> TASK PROMPT
Should an entry contain an image, leave the image out and repeat the entry's text exactly.

> MATERIAL PROVIDED

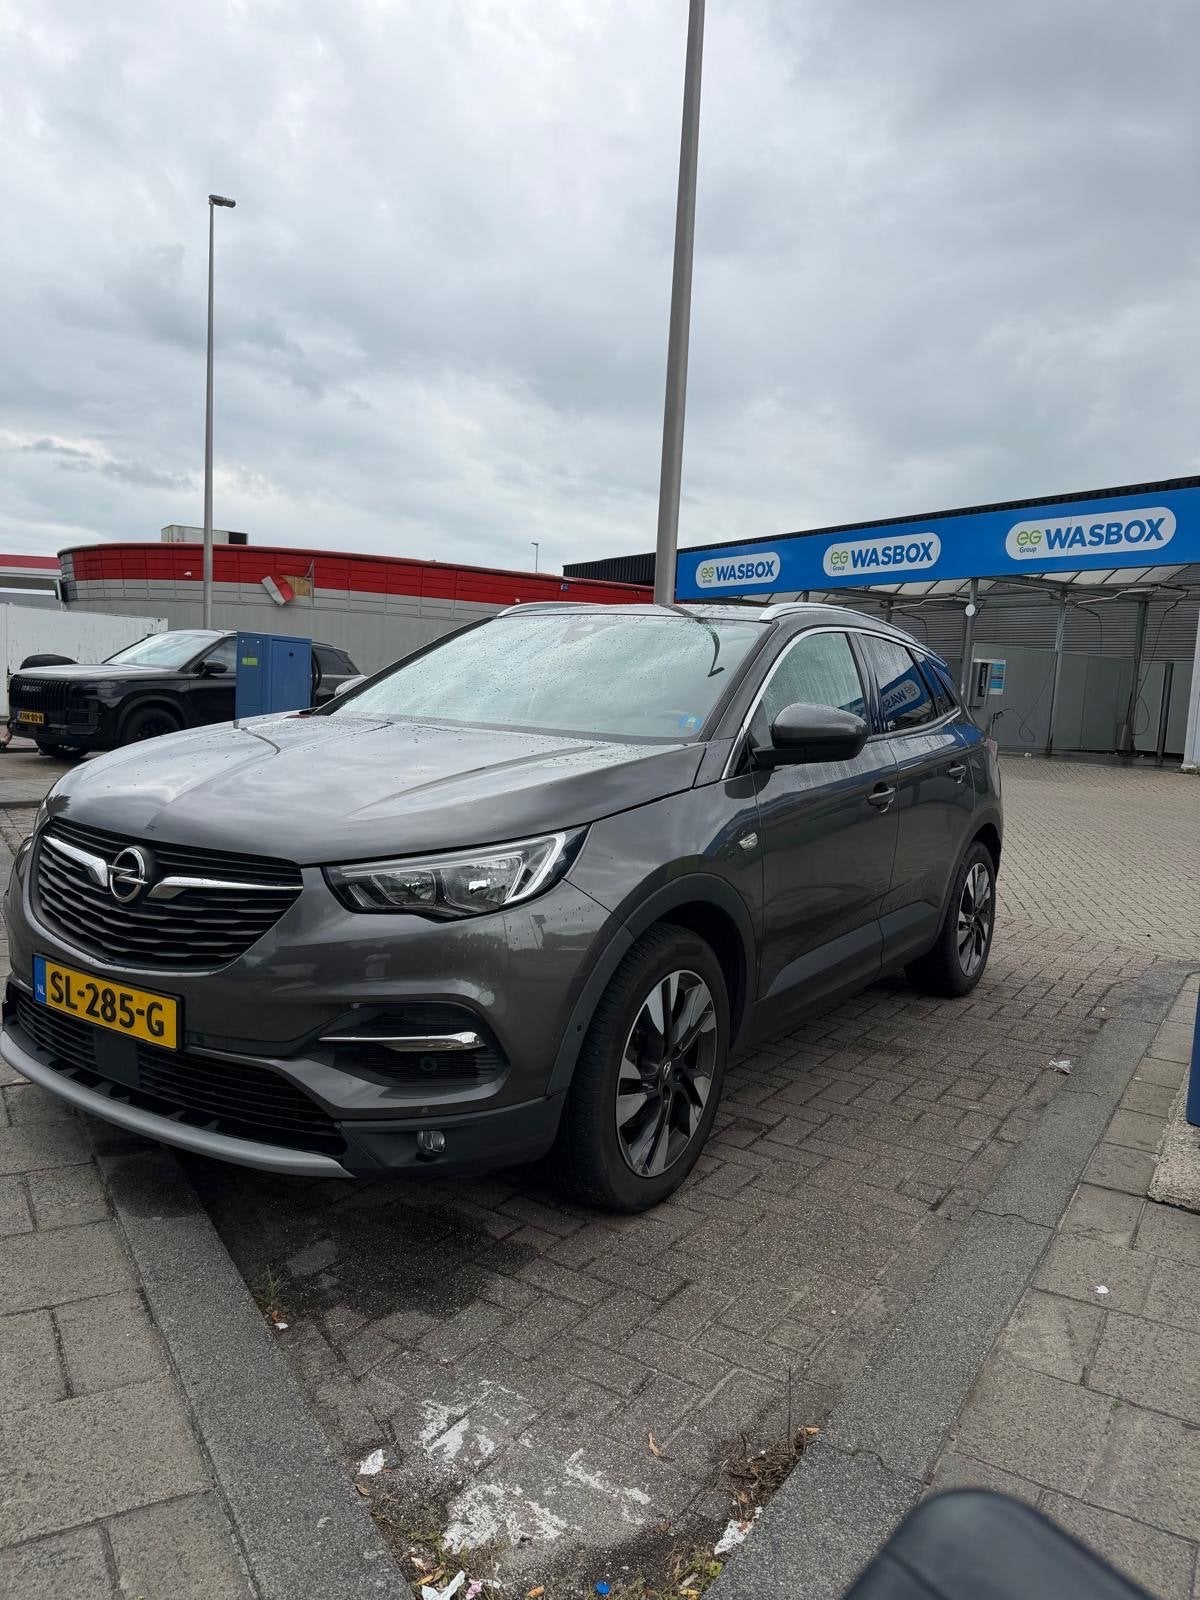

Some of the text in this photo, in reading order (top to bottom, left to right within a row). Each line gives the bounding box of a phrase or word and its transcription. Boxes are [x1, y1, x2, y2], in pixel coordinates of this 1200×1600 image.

[1045, 517, 1166, 550] WASBOX
[851, 541, 934, 569] WASBOX
[1019, 545, 1037, 554] Group
[715, 560, 776, 582] WASBOX
[37, 970, 165, 1037] NL SL-285-G
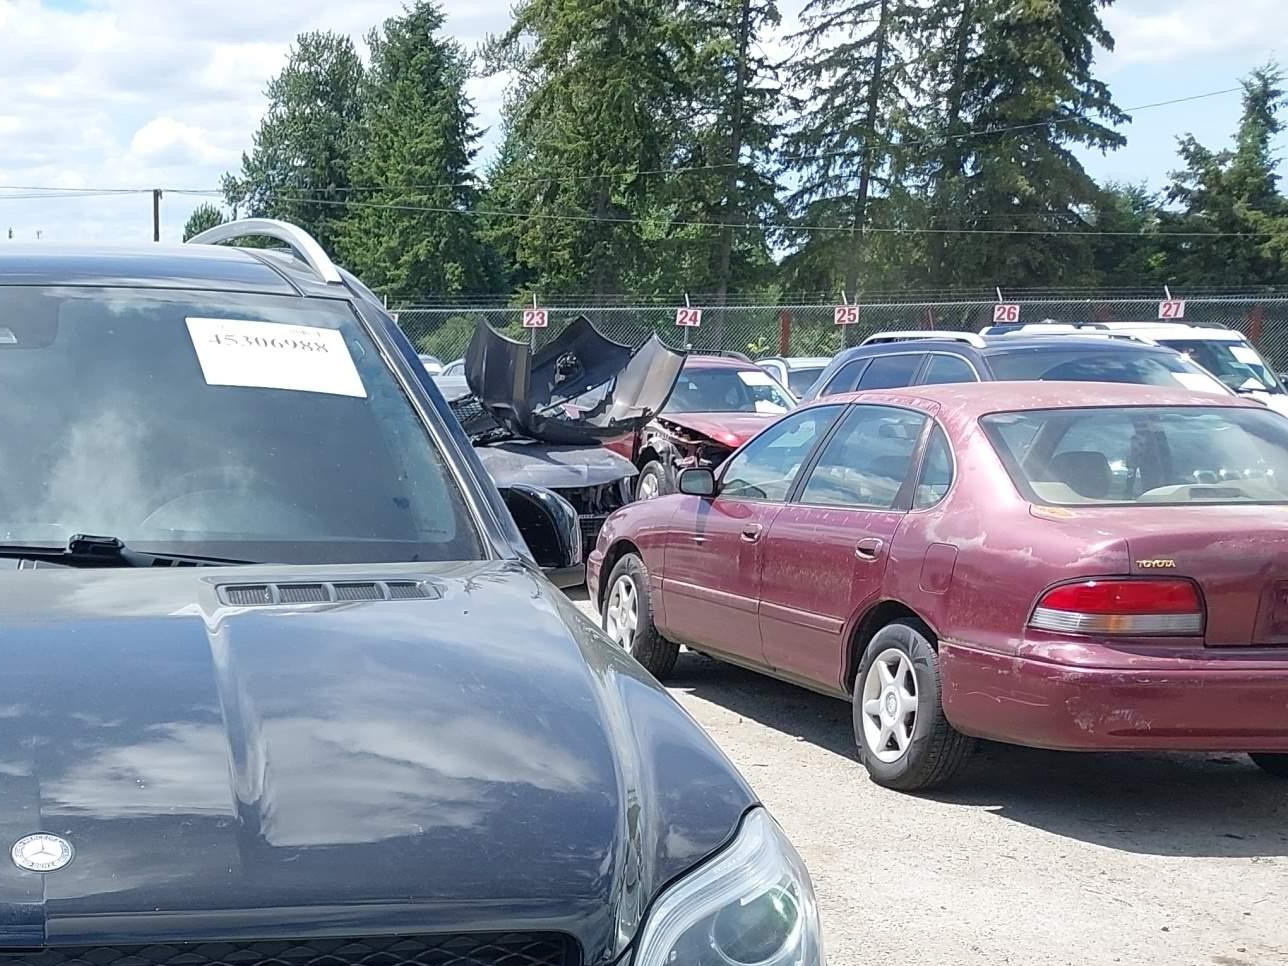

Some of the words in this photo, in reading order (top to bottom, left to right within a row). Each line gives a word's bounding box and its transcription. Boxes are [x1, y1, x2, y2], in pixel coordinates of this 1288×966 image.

> OUTPUT OF THE EXERCISE
Some of the text in this photo, in reading order (top to bottom, left to right within a row). Each line gives the bounding box of a phrase or word and its transcription. Boxes are [x1, y1, x2, y2], in pixel coordinates of this 1200×1600 image.

[1045, 517, 1166, 550] WASBOX
[851, 541, 934, 569] WASBOX
[1019, 545, 1037, 554] Group
[715, 560, 776, 582] WASBOX
[37, 970, 165, 1037] NL SL-285-G

Some of the words in this photo, in reading order (top to bottom, left to right within a row). Each line gives a word's bounding box and its transcription. Boxes are [x1, y1, x2, y2], in pixel coordinates of this 1288×966 image.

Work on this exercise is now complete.